Saturday 10 June 2023

With Immediate Effect

Whether or not this image is real, it expresses many a profound truth. The man pushing the swing is Richard Desmond, porn baron turned press lord, and sometime associate of the Gambino family, one of the Five Families of the New York Mafia. The terrified little girl is, well, she is just terrified, and understandably so.


On this site, warnings against Boris Johnson go back a very long way. I have never had any time for him. For years, I told you that Britain was famous for its sense of humour because it was fundamentally a serious country. There were joke countries, I said, and they were not remotely funny to live in. This was not one, I said, so it would not want a joke Prime Minister. But you did want him. You wanted him solely and specifically because you thought that he was "funny".

Even a lot of people who should have known better tried to tell me that Johnson was truly committed to Brexit. I always said, and I also maintained and maintain this about Michael Gove, that his approach was one of pure opportunism. We can all see who was right.

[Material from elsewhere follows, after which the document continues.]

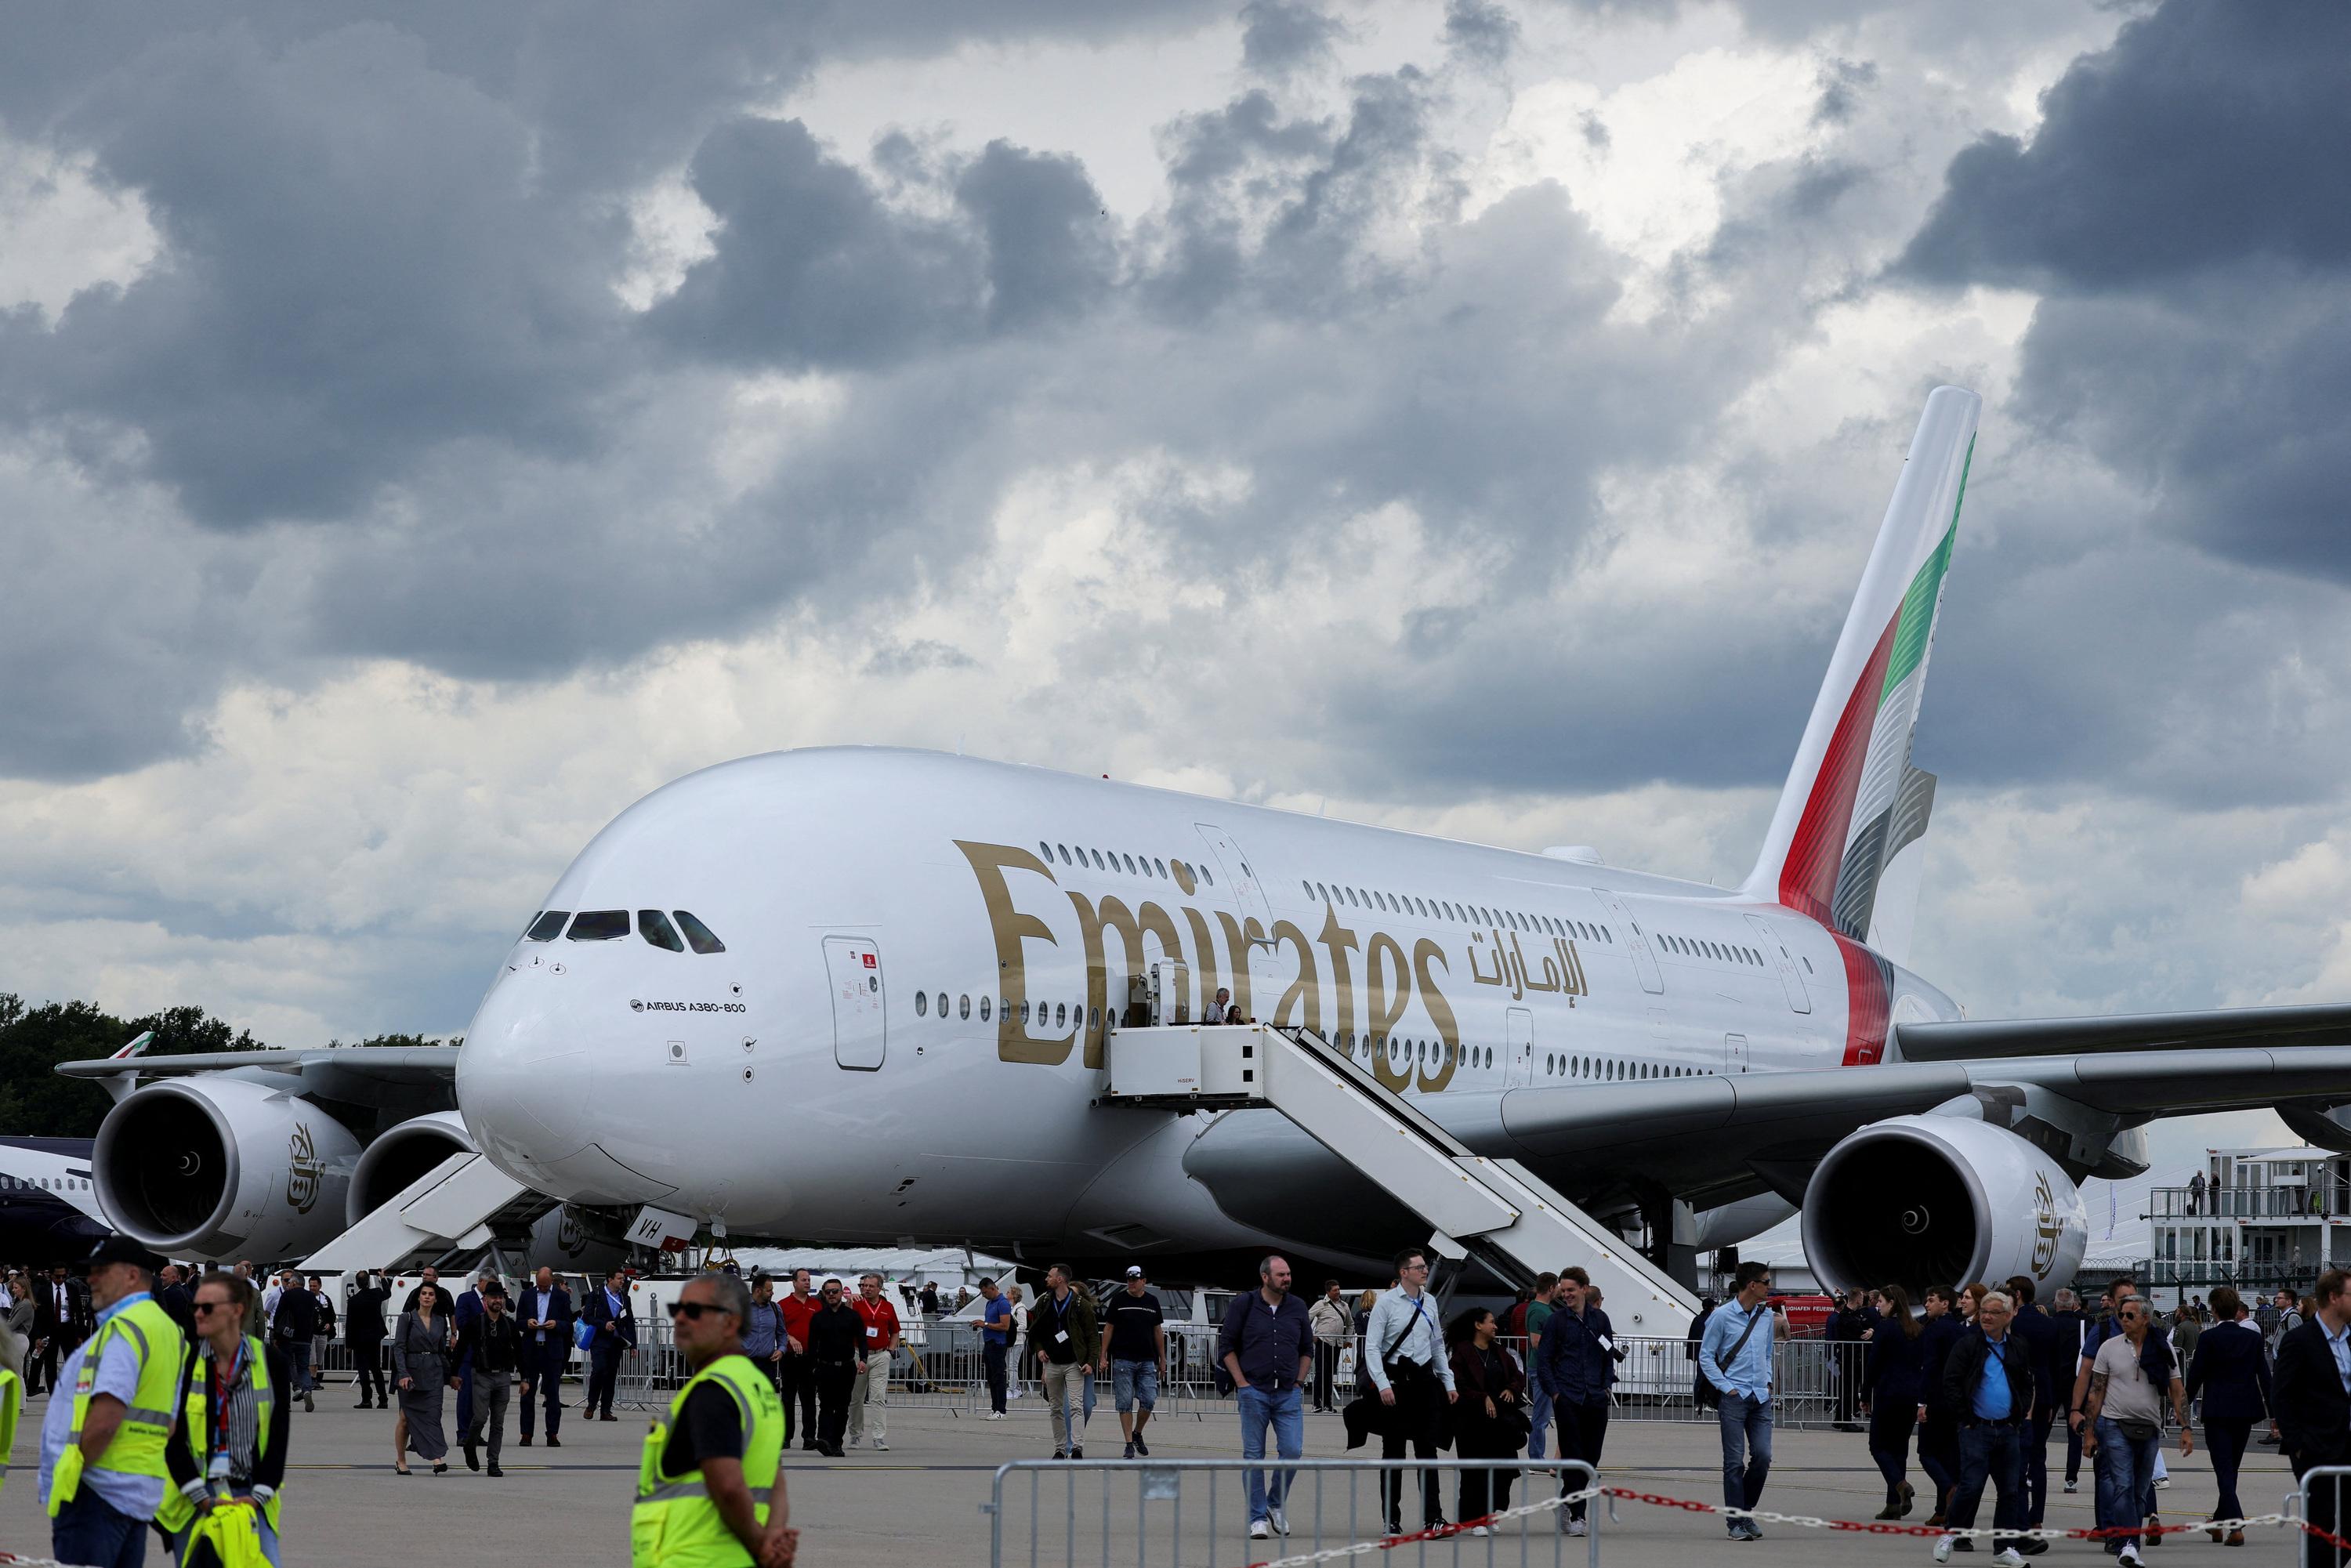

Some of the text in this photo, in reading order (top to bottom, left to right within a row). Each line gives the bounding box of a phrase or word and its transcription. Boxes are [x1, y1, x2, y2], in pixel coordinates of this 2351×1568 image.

Johnson embodied his party in the ways that it preferred not to emphasise, validating all the financial fiddles and the sexual shenanigans of the Chamber of Commerce set. He never attempted to hide his manner of life, including his obvious alcohol and cocaine habits. Likewise, Keir Starmer's glazed eyes, his big red nose, his Durham incident, and his flight from a traffic accident to avoid being breathalysed, all make it blatantly obvious that he, too, is an alcoholic.

On the specifics of social policy, Johnson's views were and are those of his latest wife. So, not really a Brexiteer, and not remotely a social conservative, either. In that case, why did and do his supporters like him? He was Prime Minister for longer than Gordon Brown, yet who got more done? And when Johnson did anything, then what did he do?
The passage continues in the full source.